**Work task**. Write out the lines below once more, exactly as they appear. Do not include pictures.

§ §

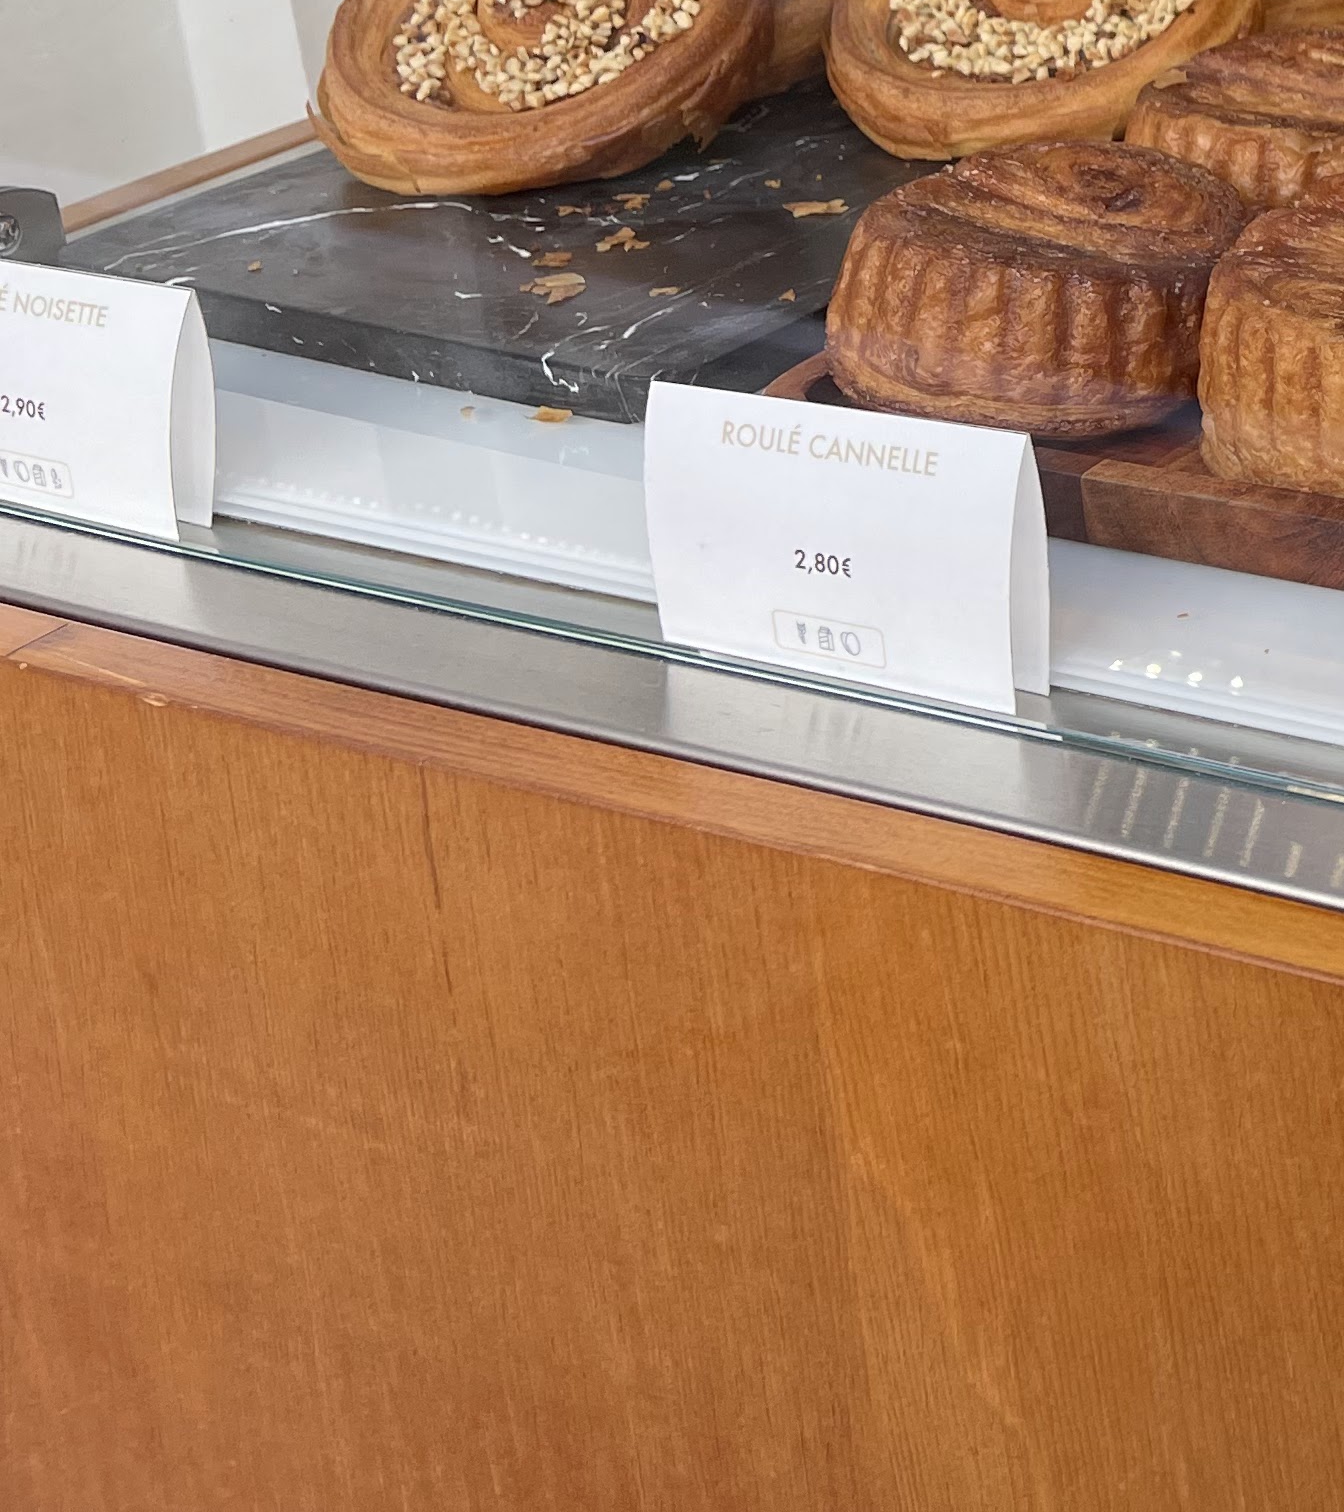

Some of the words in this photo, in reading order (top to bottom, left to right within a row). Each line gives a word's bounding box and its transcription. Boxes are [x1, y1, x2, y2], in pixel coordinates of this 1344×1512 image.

[12, 290, 109, 328] NOISETTE
[0, 394, 46, 421] 2,90€
[721, 420, 802, 456] ROULÉ
[808, 434, 939, 477] CANNELLE
[794, 549, 852, 579] 2,80€
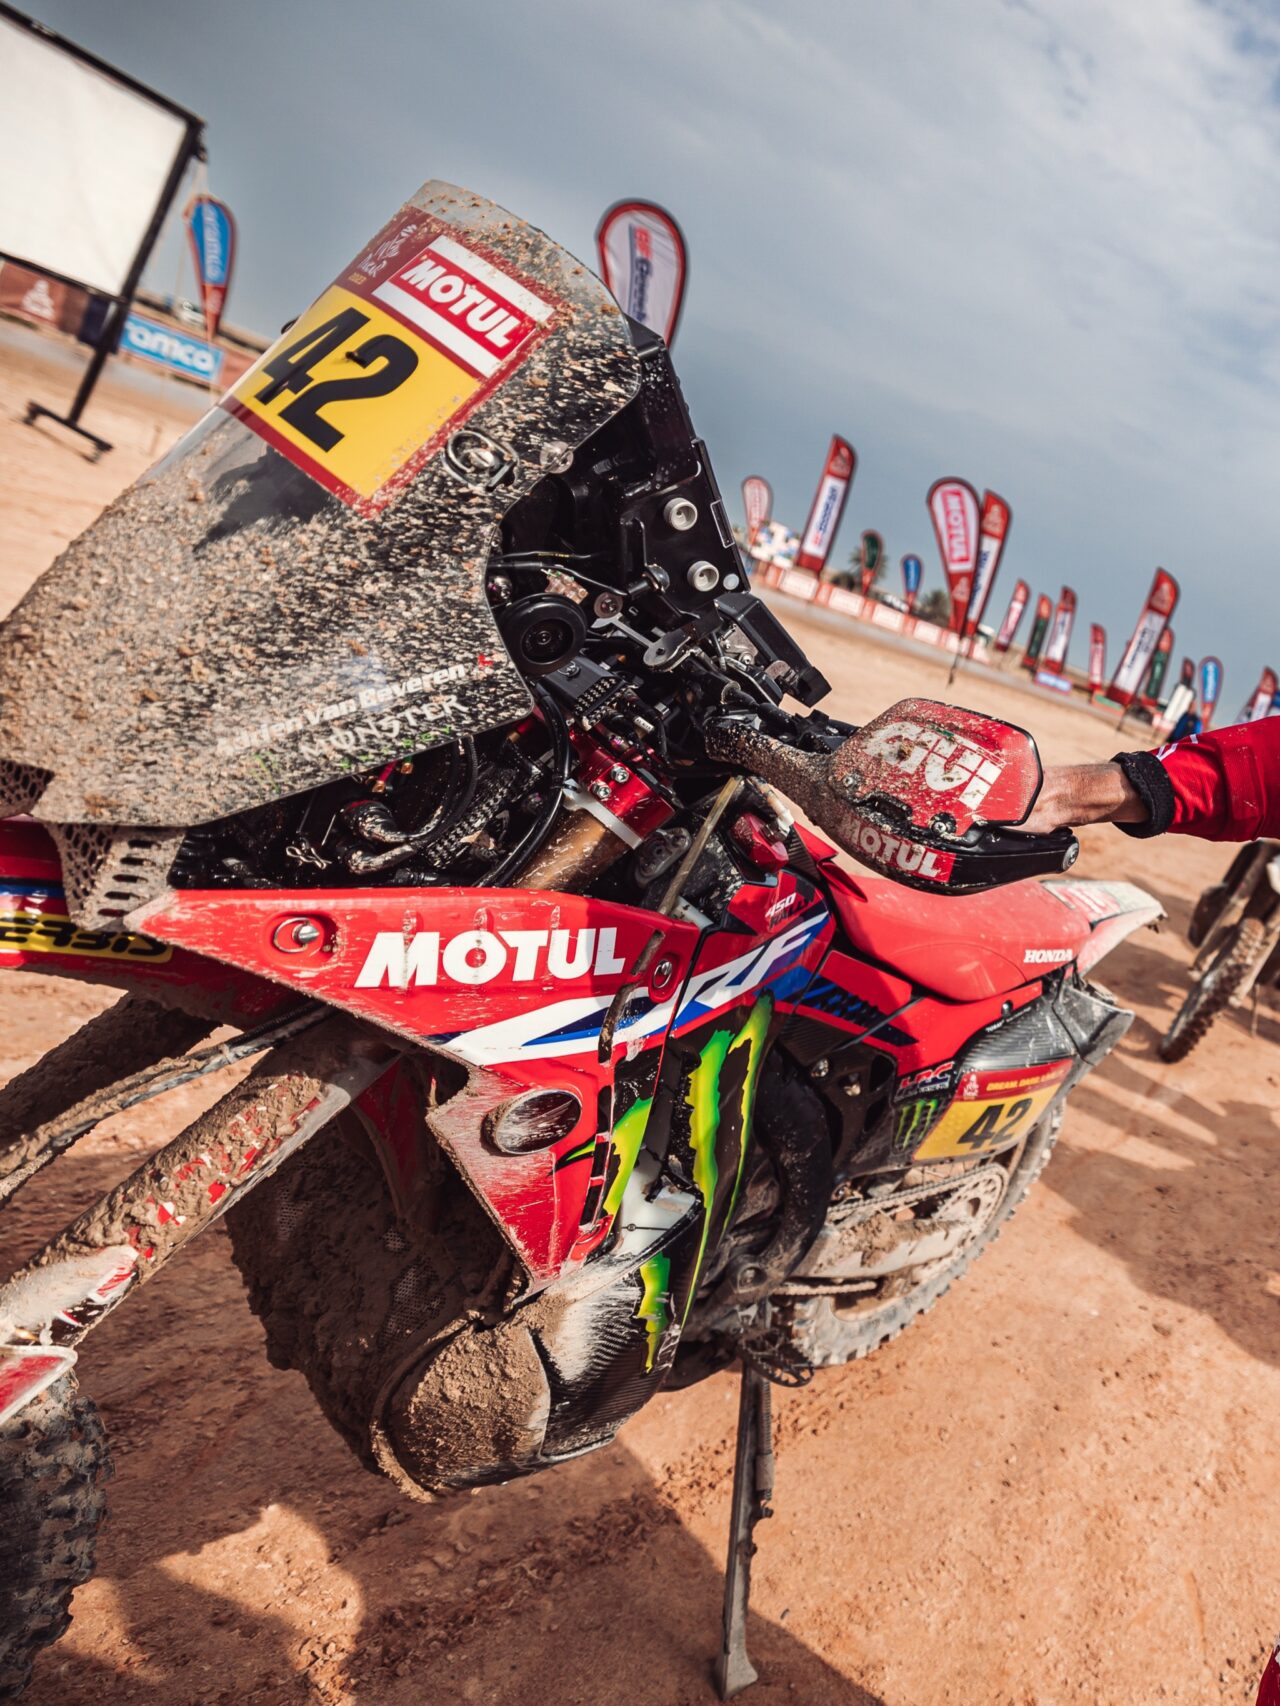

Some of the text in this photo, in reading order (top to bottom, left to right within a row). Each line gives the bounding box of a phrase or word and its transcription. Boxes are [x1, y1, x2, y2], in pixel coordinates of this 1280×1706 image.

[401, 258, 522, 349] MOTUL
[254, 307, 419, 453] 42
[945, 495, 967, 559] MOTUL
[302, 698, 357, 727] Van
[358, 663, 466, 709] Beveren
[765, 892, 796, 918] 450
[354, 928, 626, 988] MOTUL
[1023, 949, 1073, 963] HONDA
[956, 1098, 1034, 1150] 42
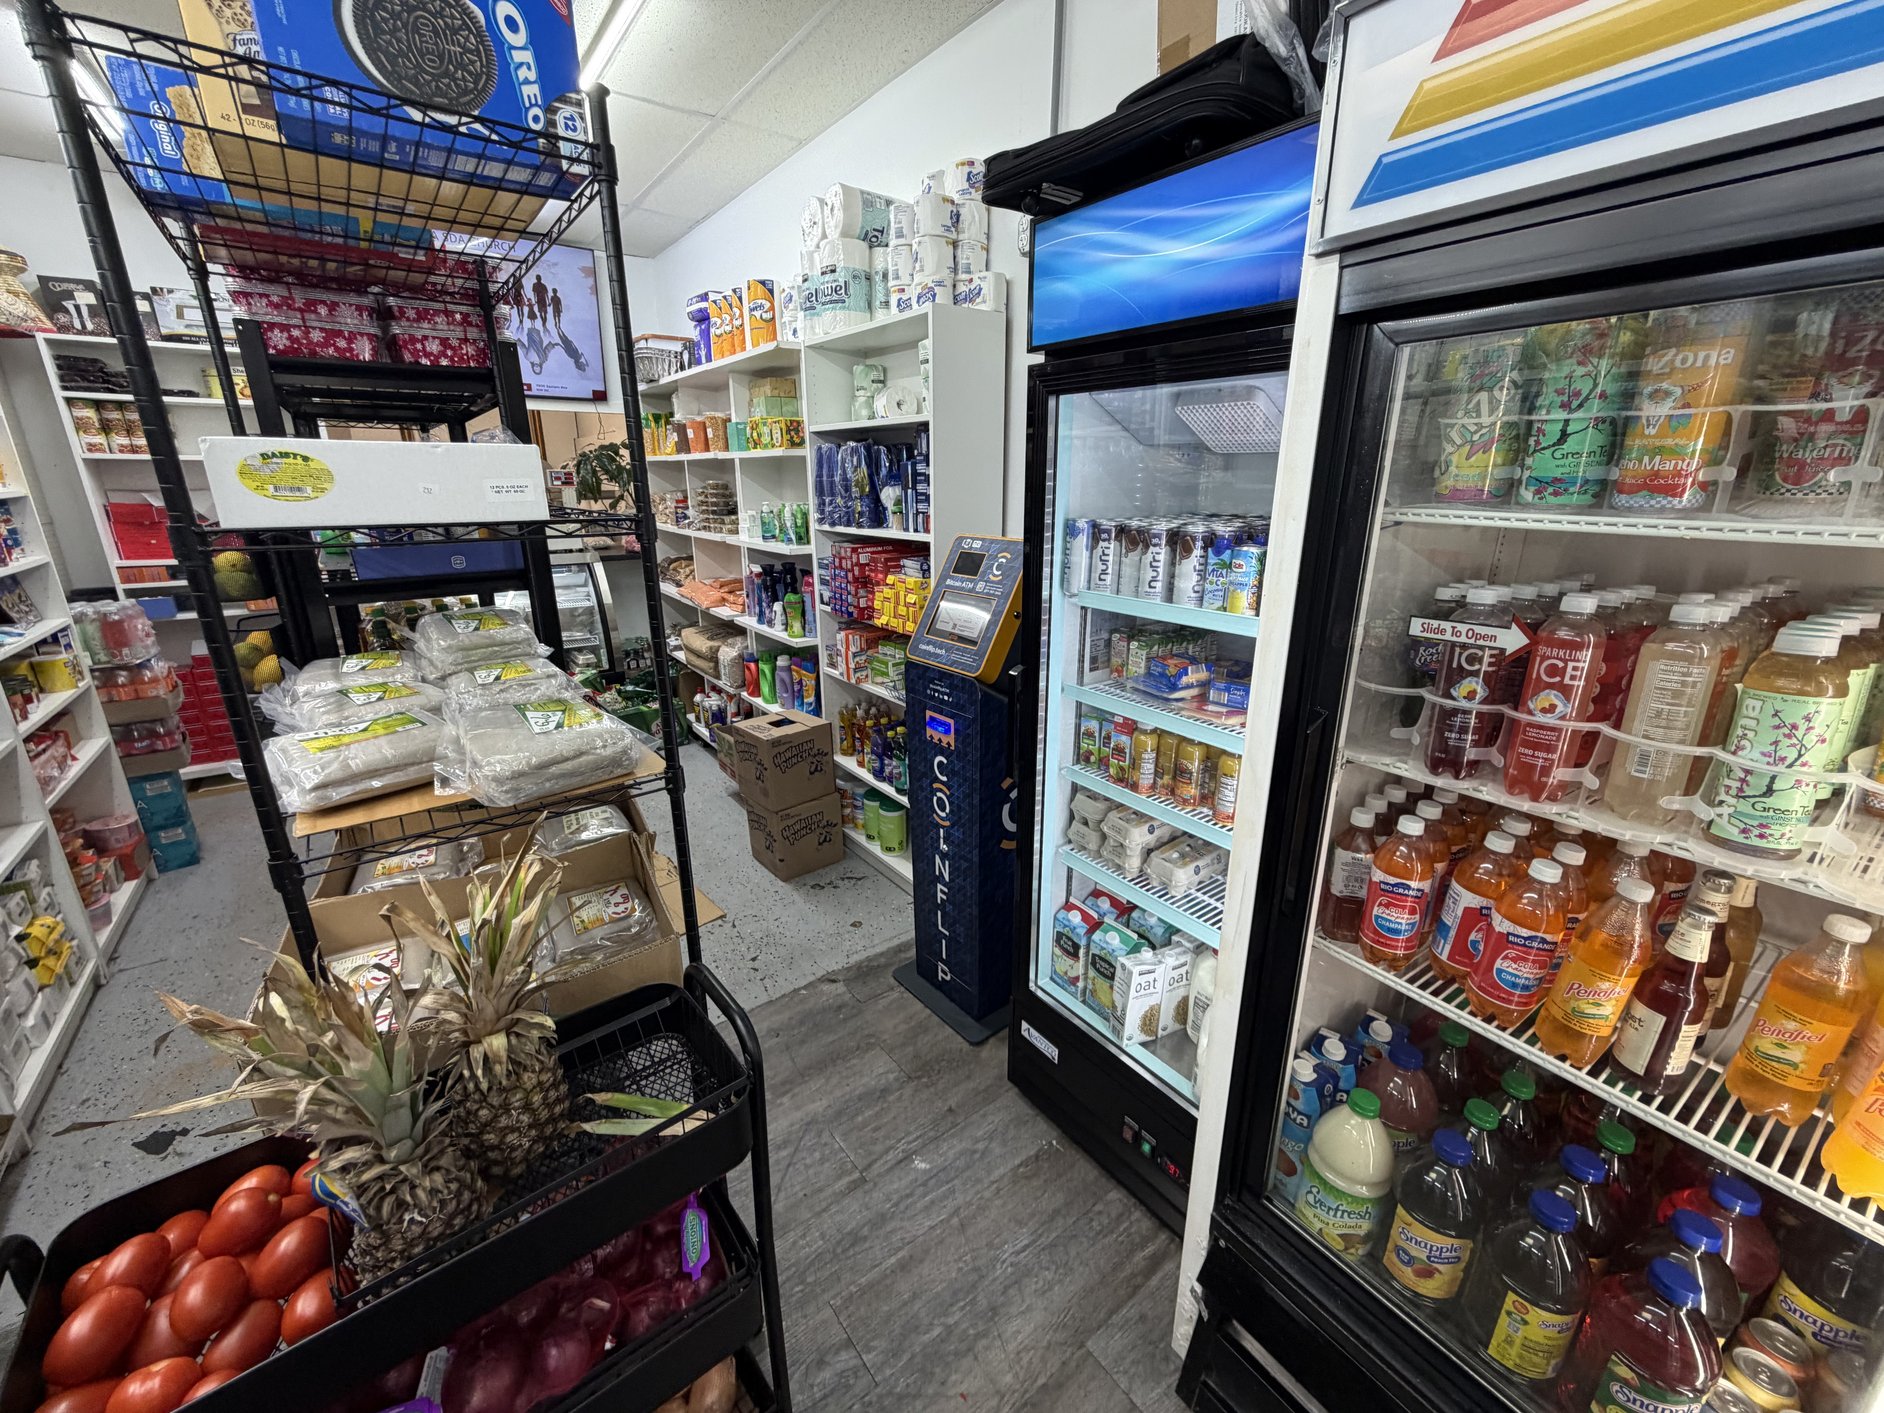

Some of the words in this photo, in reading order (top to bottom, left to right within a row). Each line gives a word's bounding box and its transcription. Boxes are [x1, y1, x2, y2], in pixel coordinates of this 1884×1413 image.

[417, 18, 441, 67] OREO
[494, 0, 545, 131] OREO
[220, 112, 232, 123] 42
[563, 113, 578, 134] 12
[1551, 447, 1598, 461] Green
[1207, 567, 1225, 579] VITA
[945, 578, 963, 587] Bitcoin
[962, 580, 975, 590] ATM
[1419, 621, 1447, 637] Slide
[1450, 625, 1463, 639] To
[1465, 627, 1498, 644] Open
[1451, 648, 1501, 672] ICE
[1531, 656, 1587, 686] ICE
[1655, 679, 1682, 689] Calories
[1444, 731, 1460, 740] ZERO
[772, 739, 815, 768] HAWAIIAN
[779, 751, 812, 774] PUNCH
[1518, 747, 1534, 756] ZERO
[1534, 750, 1558, 760] SUGAR
[1751, 800, 1799, 817] Green
[781, 810, 824, 841] HAWAIIAN
[788, 822, 820, 846] PUNCH
[931, 755, 952, 983] COINFLIP
[1380, 883, 1393, 892] RIO
[1393, 886, 1423, 898] GRANDE
[1508, 935, 1526, 945] RIO
[1516, 961, 1540, 971] COLA
[1134, 976, 1159, 994] oat
[1167, 969, 1191, 988] oat
[1305, 1184, 1372, 1222] Everfresh
[689, 1216, 698, 1256] ONIONS
[1332, 1221, 1363, 1230] Colada
[1398, 1225, 1463, 1257] Snapple
[1779, 1295, 1868, 1342] Snapple

§ §

**Problem solution**.
Some of the words in this photo, in reading order (top to bottom, left to right within a row). Each line gives a word's bounding box and its transcription. Boxes are [x1, y1, x2, y2], in pixel coordinates of this 1344×1512 image.

[12, 290, 109, 328] NOISETTE
[0, 394, 46, 421] 2,90€
[721, 420, 802, 456] ROULÉ
[808, 434, 939, 477] CANNELLE
[794, 549, 852, 579] 2,80€

Some of the text in this photo, in reading order (top to bottom, left to right within a row). Each line gives the bounding box of a phrase or word and its transcription. Boxes are [x1, y1, x2, y2], in pixel coordinates of this 1280×1706 image.

[401, 258, 522, 349] MOTUL
[254, 307, 419, 453] 42
[945, 495, 967, 559] MOTUL
[302, 698, 357, 727] Van
[358, 663, 466, 709] Beveren
[765, 892, 796, 918] 450
[354, 928, 626, 988] MOTUL
[1023, 949, 1073, 963] HONDA
[956, 1098, 1034, 1150] 42

Some of the words in this photo, in reading order (top to bottom, left to right within a row). Each line gives a word's bounding box and its transcription. Boxes are [x1, y1, x2, y2], in pixel coordinates of this 1884×1413 image.

[417, 18, 441, 67] OREO
[494, 0, 545, 131] OREO
[220, 112, 232, 123] 42
[563, 113, 578, 134] 12
[1551, 447, 1598, 461] Green
[1207, 567, 1225, 579] VITA
[945, 578, 963, 587] Bitcoin
[962, 580, 975, 590] ATM
[1419, 621, 1447, 637] Slide
[1450, 625, 1463, 639] To
[1465, 627, 1498, 644] Open
[1451, 648, 1501, 672] ICE
[1531, 656, 1587, 686] ICE
[1655, 679, 1682, 689] Calories
[1444, 731, 1460, 740] ZERO
[772, 739, 815, 768] HAWAIIAN
[779, 751, 812, 774] PUNCH
[1518, 747, 1534, 756] ZERO
[1534, 750, 1558, 760] SUGAR
[1751, 800, 1799, 817] Green
[781, 810, 824, 841] HAWAIIAN
[788, 822, 820, 846] PUNCH
[931, 755, 952, 983] COINFLIP
[1380, 883, 1393, 892] RIO
[1393, 886, 1423, 898] GRANDE
[1508, 935, 1526, 945] RIO
[1516, 961, 1540, 971] COLA
[1134, 976, 1159, 994] oat
[1167, 969, 1191, 988] oat
[1305, 1184, 1372, 1222] Everfresh
[689, 1216, 698, 1256] ONIONS
[1332, 1221, 1363, 1230] Colada
[1398, 1225, 1463, 1257] Snapple
[1779, 1295, 1868, 1342] Snapple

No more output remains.